The apostles were doing their thing preaching the word and people were being added to their number daily. Some Hellenists complained about their lacking service to widows. The apostles knew they needed to stay devoted to prayer and to the ministry of the word, so they prayerfully picked out seven people to take on the task. After they prayed and laid hands on the seven people they chose, we find the result (Acts 6:7). I see three markers of success in the verse, but let’s look at cause and effect.


The apostles were focusing on their own mission, but they were still open to the needs of others. After hearing the need, they were humble enough to know they weren’t the solution. Instead of going beyond their means – they chose other, probably more qualified, individuals to meet the need. The apostles had a clear vision of their role and refused to stray from it. The seven chosen were humble enough to meet the need. The disciples were working as a body (1 Cor. 12:12).

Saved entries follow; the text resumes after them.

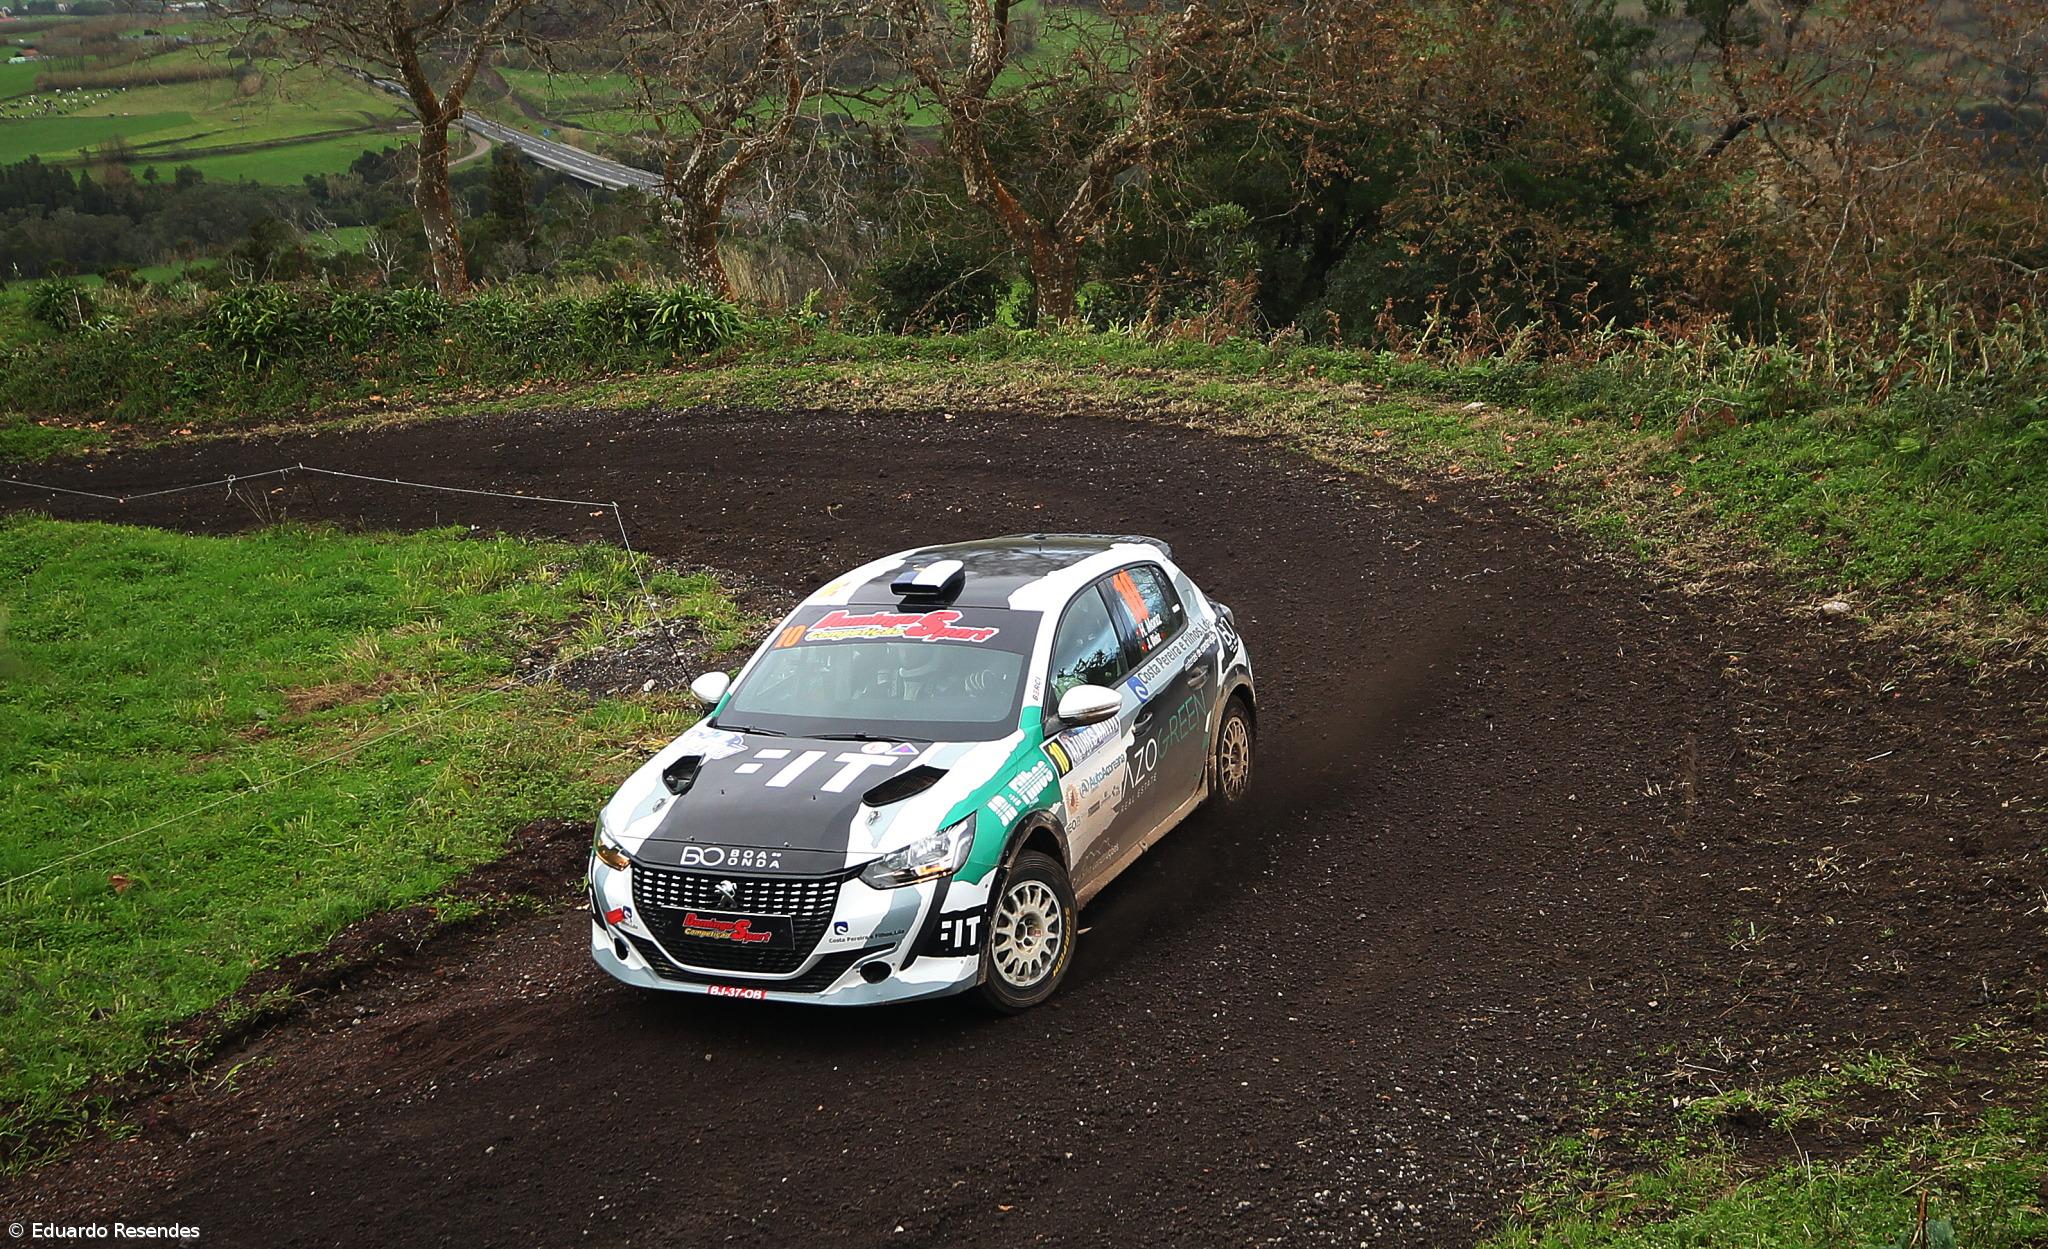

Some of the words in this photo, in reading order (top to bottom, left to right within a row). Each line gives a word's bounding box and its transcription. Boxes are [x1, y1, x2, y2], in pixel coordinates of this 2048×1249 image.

[1111, 569, 1149, 624] 10
[774, 624, 807, 649] 10
[1137, 664, 1161, 684] Costa
[1156, 639, 1182, 670] Pereira
[1158, 687, 1208, 759] GREEN
[1049, 741, 1070, 775] 10
[727, 857, 780, 869] ONDA

I see three different things happening as a result of their faithfulness:

The word of God continued to increase.

When a church is doing what it’s meant for, God’s truth should permeate its people. The disciples in the church should be eating the Bible for breakfast, lunch, and dinner. Not literally – but it should be a constant in their lives. In a healthy church, people have a rhythm of absorbing God’s word. Some will read, some will study, some will listen, some will memorize, but all will receive and be changed by God’s word. In the words of my pastor, Jordan Hansen, they will read it and do what it means.

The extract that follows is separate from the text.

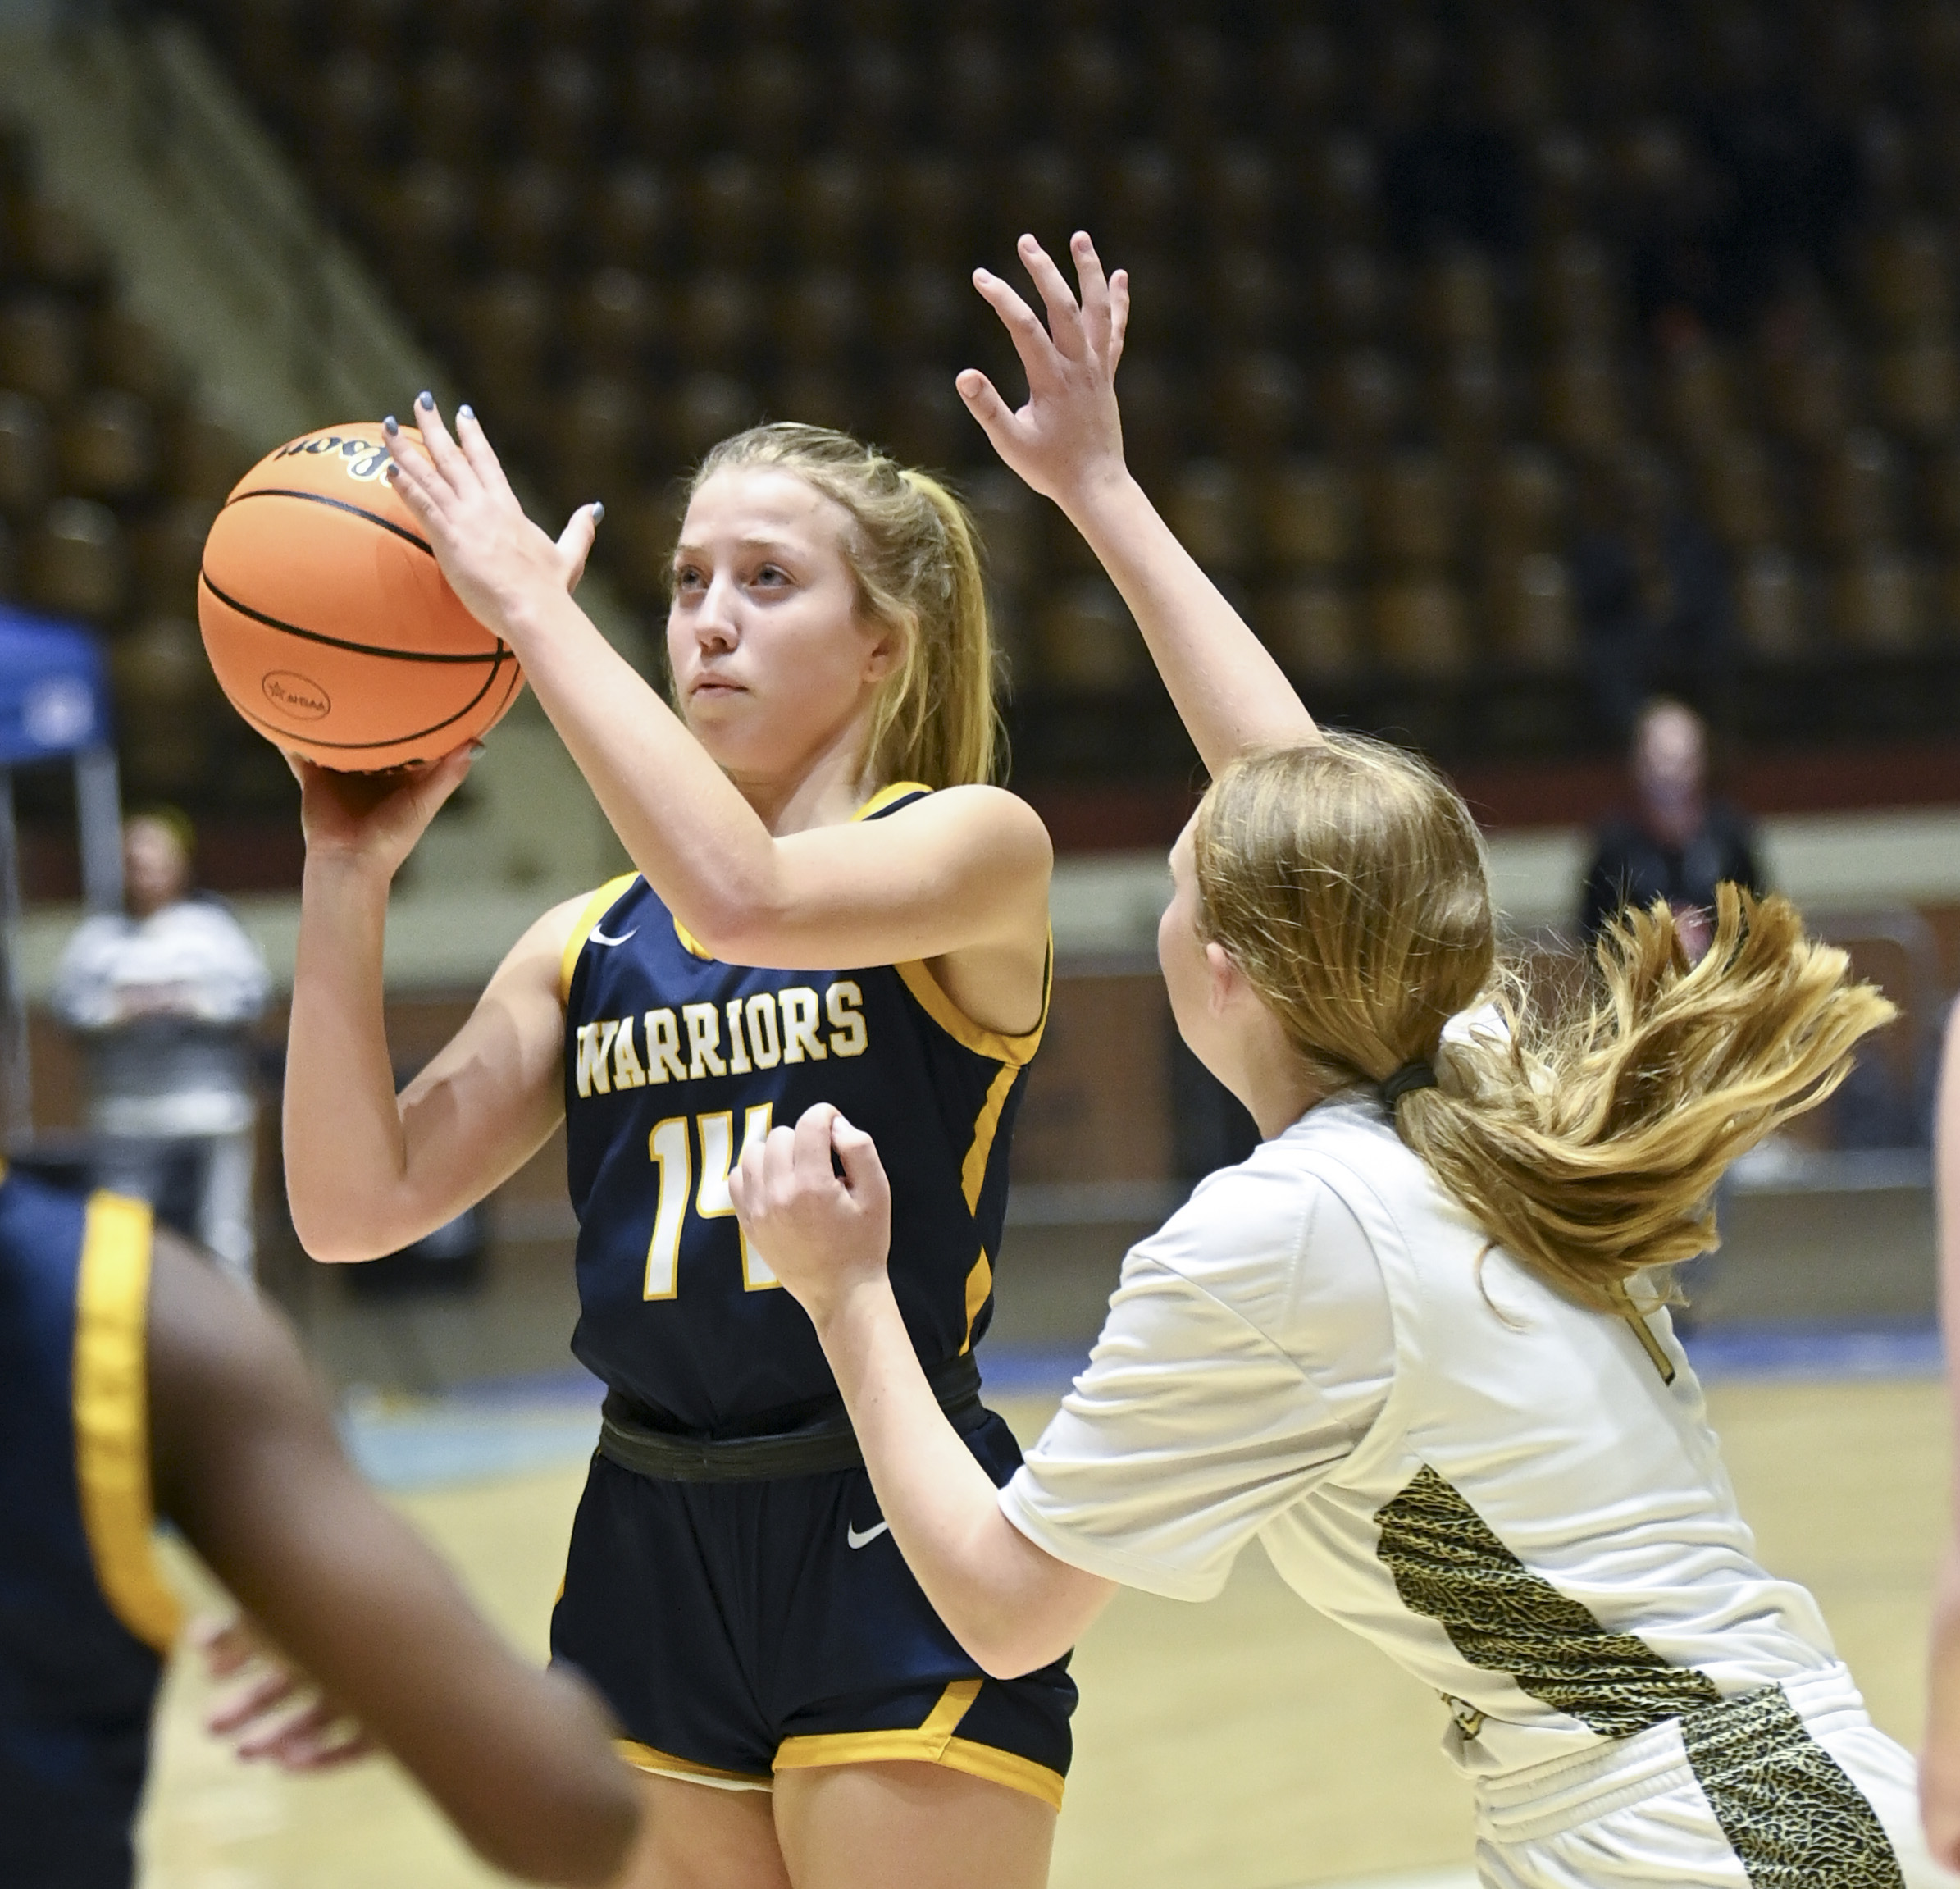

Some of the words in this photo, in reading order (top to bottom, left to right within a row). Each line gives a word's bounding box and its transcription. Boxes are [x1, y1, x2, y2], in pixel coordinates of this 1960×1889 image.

[273, 436, 393, 489] lson
[577, 980, 868, 1098] WARRIORS
[643, 1102, 784, 1302] 14

The number of disciples multiplied greatly in Jerusalem.

In a successful, local church, disciples will be made. The church is not meant to make converts, but is meant to make disciples. Life change, by the way, is a good Litmus test for determining the difference between a convert and a disciple.

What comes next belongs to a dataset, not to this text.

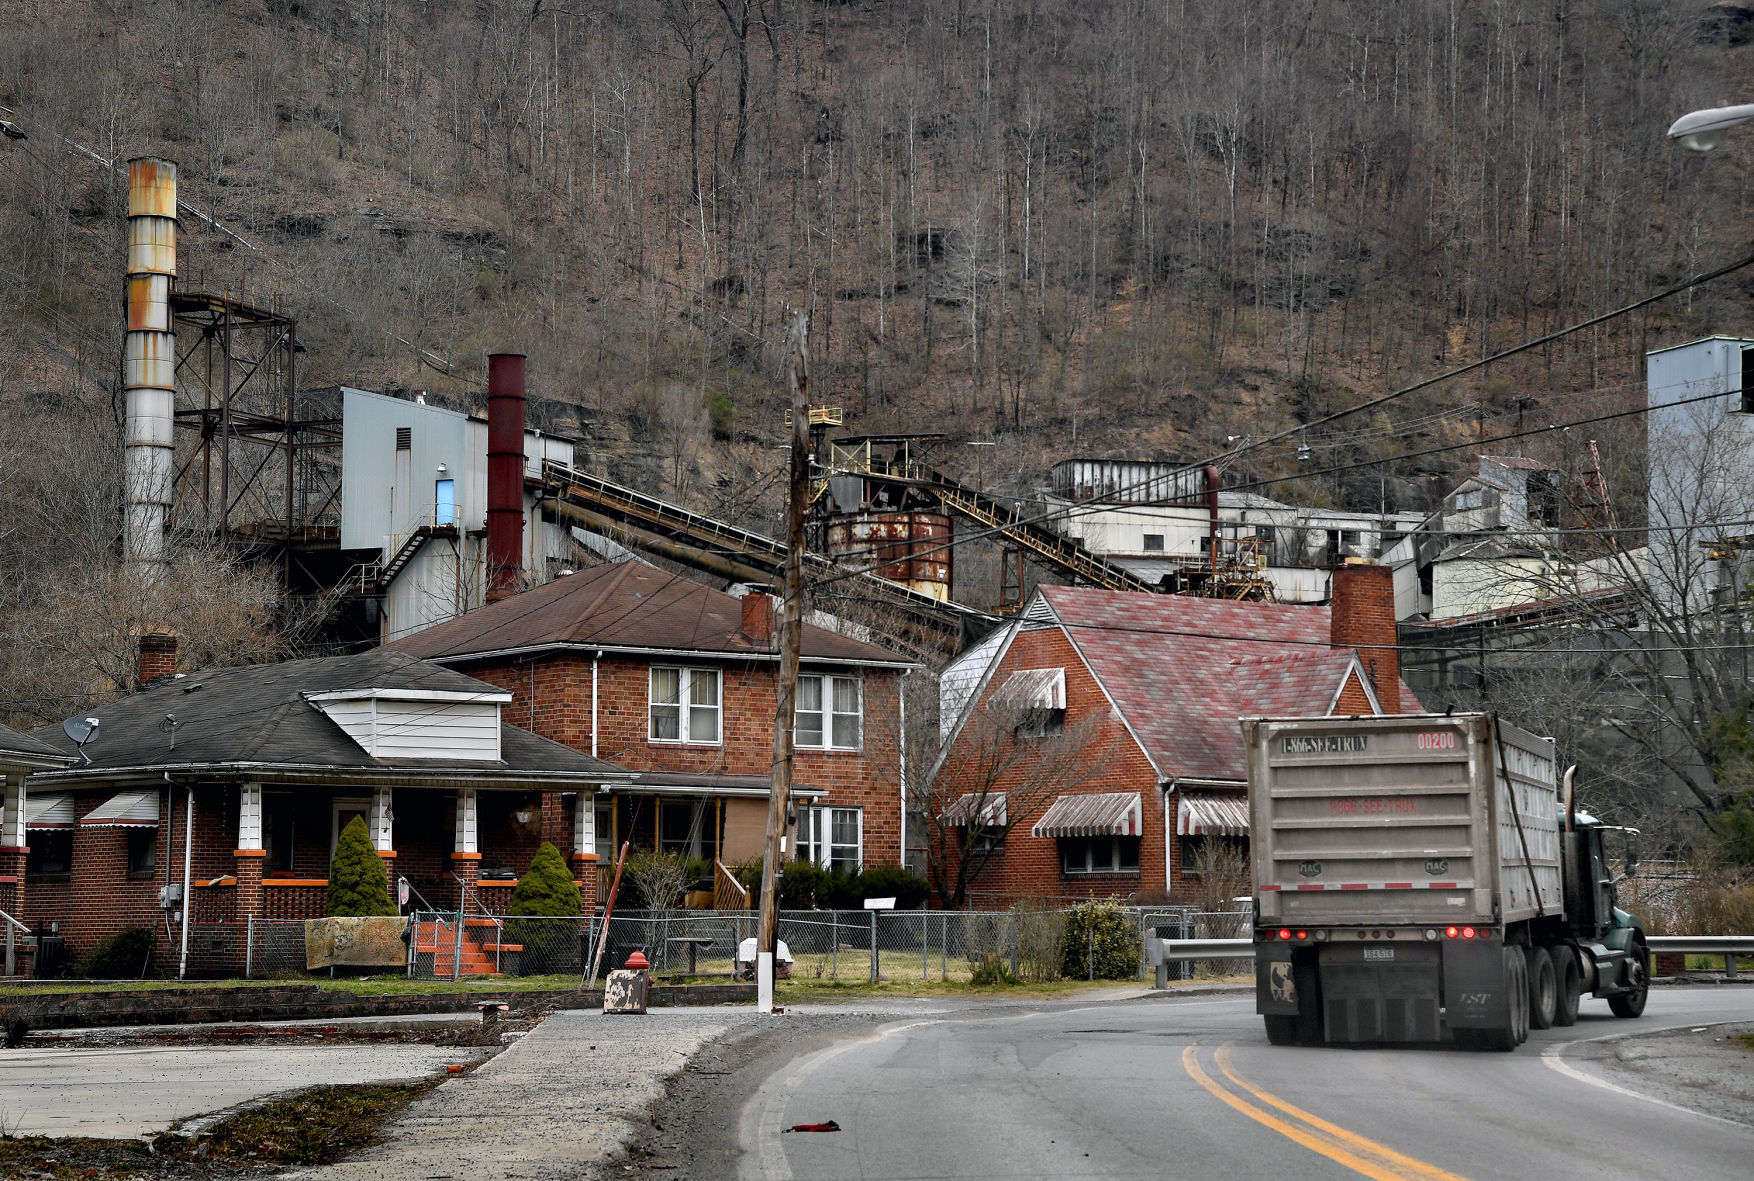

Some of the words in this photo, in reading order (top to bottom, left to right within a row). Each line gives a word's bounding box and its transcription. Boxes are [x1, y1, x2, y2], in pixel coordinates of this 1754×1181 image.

Why Jerusalem? Jerusalem was the home base. Mission work is awesome. In fact, I love it so much, my family is committing a couple years to planting a church in Belgium. That being said, disciple-making needs to start at home. Without a strong foundation of believers, mission work would be nearly impossible. In successful churches, the number of disciples being made locally will multiply greatly.

A great many of the priests became obedient to the faith.

This one puzzled me. At first I thought it was a repeat of more disciples being made, but there’s something distinct to this last marker of success. After studying, I would say, here in lies the rub. Who were the priests? If you look at who they were in the New Testament, oftentimes, they were legalistic (more concerned with works, than the heart). In one example, after Jesus healed a leper, he told the man to go show a priest so it would be a testimony to him (Matt. 8:4). These guys were so obedient to works, but did not have any obedience to faith. These were “good” people.

Successful churches will reach people who consider themselves already good or holy enough. Instead of working hard at following rules, they will believe Jesus already gave them His righteousness. Jesus was perfect, so they don’t have to be. They will be free to be in relationship with Him without feeling they need to earn salvation. Legalists and Pharisees will be saved from their religion of self and will be set free by the blood of Jesus. Oftentimes, these types are considered the hardest to reach. It makes sense: how do people who think they’re saved, get saved? I don’t know. But the Holy Spirit does. And in successful churches – this miracle will be facilitated a great number of times.

Wrapping it up.

The Bible has a lot of these type of verses; where you can run with it to find out how to measure success. As far as what makes a church successful, this is not an exhaustive list. I do hope Christians will pray into this measure of success for all churches. Pray the word of God increases, the number of disciples multiplies locally, and the religious are saved.